C’est donc le Fils qui a le rôle central. Moins paradoxalement qu’il n’y paraît, il n’a cependant pas de nom. Ce qui ne veut pas dire qu’il n’a pas d’épaisseur psychologique. Joué avec une présence subtile par Guillaume Gauthier, c’est «un bon gars», introverti, qui garde ses peines secrètes : «J’aime pas ça parler de moi.» Son côté le plus intéressant vient, par contre, de son intérêt pour l’art, le sacré, des univers qui lui sont inconnus mais qui l’attirent. Il représente cet état intermédiaire, incertain, qu’est l’adolescence. Greta (Marie-Hélène Bélanger), au contraire, aime le défi, cherche à provoquer, à choquer, à faire bouger. Elle dissimule ses détresses sous une brutale vulgarité. Issus de couples désunis, ils illustrent, chacun à leur manière, l’importance des liens parents-enfants.

Le personnage du Voisin existe principalement par rapport aux deux jeunes, quoique sa signification soit majeure. Avatar de figure paternelle, il représente une courroie de transmission, comme ces écouteurs qu’il offre symboliquement au Fils. En initiant celui-ci à son monde, la Musique, il signifie qu’un lien peut exister entre les générations. Suspecté par le père, qui trouve leur relation anormale, il s’écrie : «Votre fils, c’est mon ami. On parle comme deux amis.» La musique constitue donc un élément omniprésent et fondamental de la mise en scène. A certains moments, l’Été de Vivaldi emplit même le plateau d’une manière presque agressive.

Interprété avec autorité et finesse par Richard Thériault, ce Voisin musicien, si différent des autres qu’il en suscite la méchanceté, est cependant un personnage attachant. On sent que sa solitude est due à ses blessures, d’un ordre tout autre que ces  œufs que l’auteur fait lancer dans ses fenêtres par des habitants ignorants, des épisodes qui ne me semblent pas dramatiquement très convaincants, d’ailleurs. Il se montre d’une grande générosité envers le Fils. En fait, il fait pour lui ce que les parents devraient faire : après avoir joué son rôle d’initiateur, il s’efface. Ce qui permet au garçon de grandir et de trouver sa propre voie.

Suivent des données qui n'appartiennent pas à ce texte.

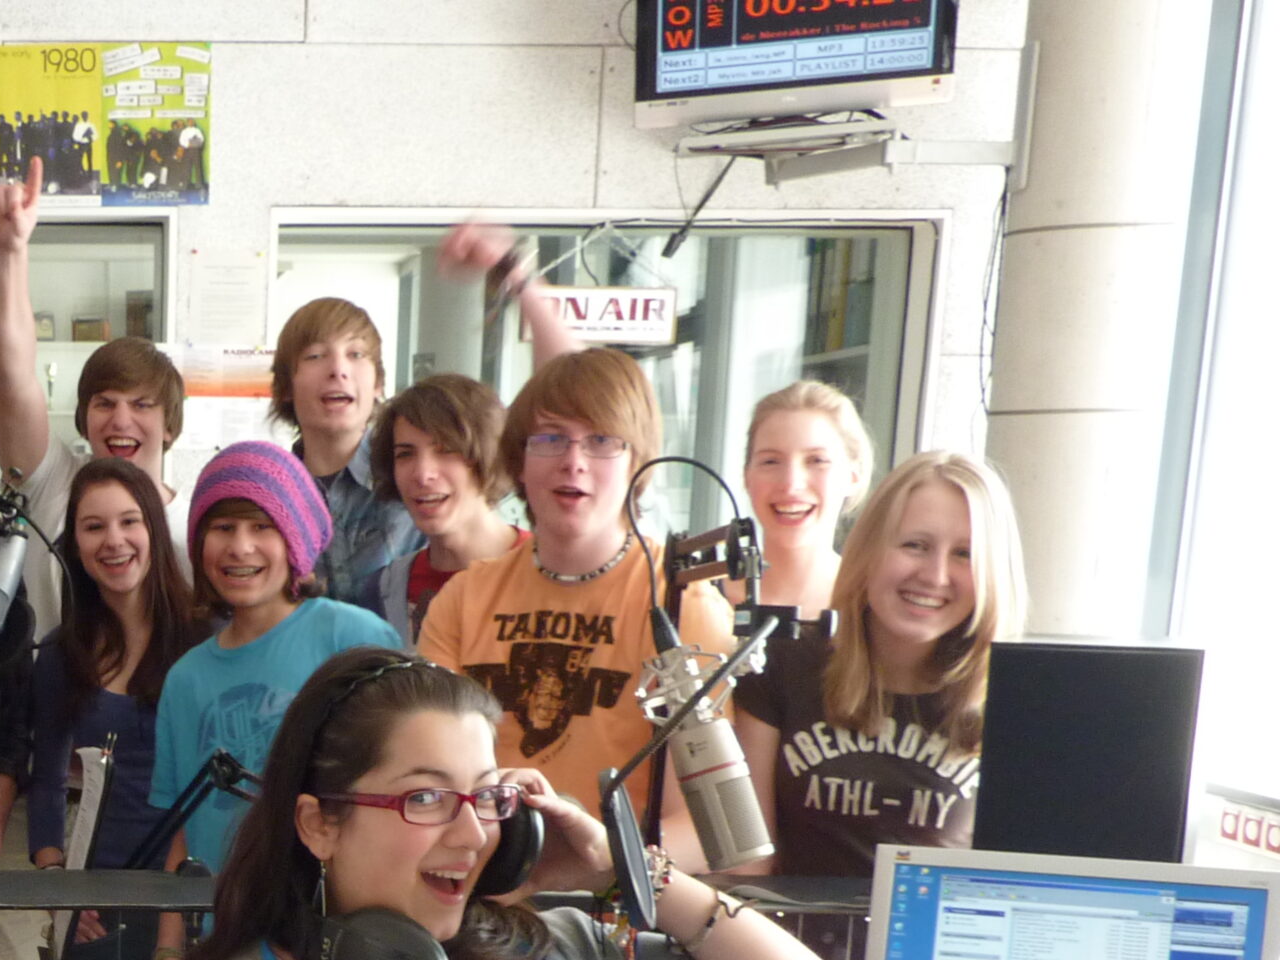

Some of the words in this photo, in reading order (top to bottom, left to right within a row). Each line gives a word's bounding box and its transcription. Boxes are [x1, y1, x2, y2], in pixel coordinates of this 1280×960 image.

[40, 47, 97, 73] 1980
[800, 59, 858, 72] PLAYLIST
[598, 297, 666, 321] AIR

C’est un plateau nu qui accueille ces scènes de la vie urbaine. Pour tout décor, une sorte d’échafaudage métallique sert de terrain de jeu aux deux adolescents et figure le toit où ils montent pour prendre le soleil. Il y a un autre élément de décor, cependant, mais qu’on ne voit pas : la cathédrale. Elle impressionne diversement chacun des trois comparses. Elle fascine le garçon. Sa présence immense mais vide nous est imposée par l’orgue qui remplit l’espace comme le chant lointain du sacré et du mystère. Sa voix, c’est celle des cloches, qu’on entend à deux reprises comme un écho nostalgique d’une communauté qui vivait à l’unisson, où «tout le monde vibrait en même temps». Ce bruit d’une religion plus ou moins oubliée, c’est aussi celui que fait en se brisant l’enfant de chœur en plâtre que le Fils heurte symboliquement en entrant chez le Voisin.

Néanmoins, la phrase finale −on vous laissera le soin de la découvrir−, un peu grandiloquente, peut-être, mais très significative, laisse espérer que, oui, la transmission est possible entre les générations.

Les Haut-Parleurs

Texte et mise en scène de Sébastien David. Une production du Théâtre Bluff,  compagnie en résidence au Théâtre Denise-Pelletier, présentée jusqu’au 21 novembre 2015.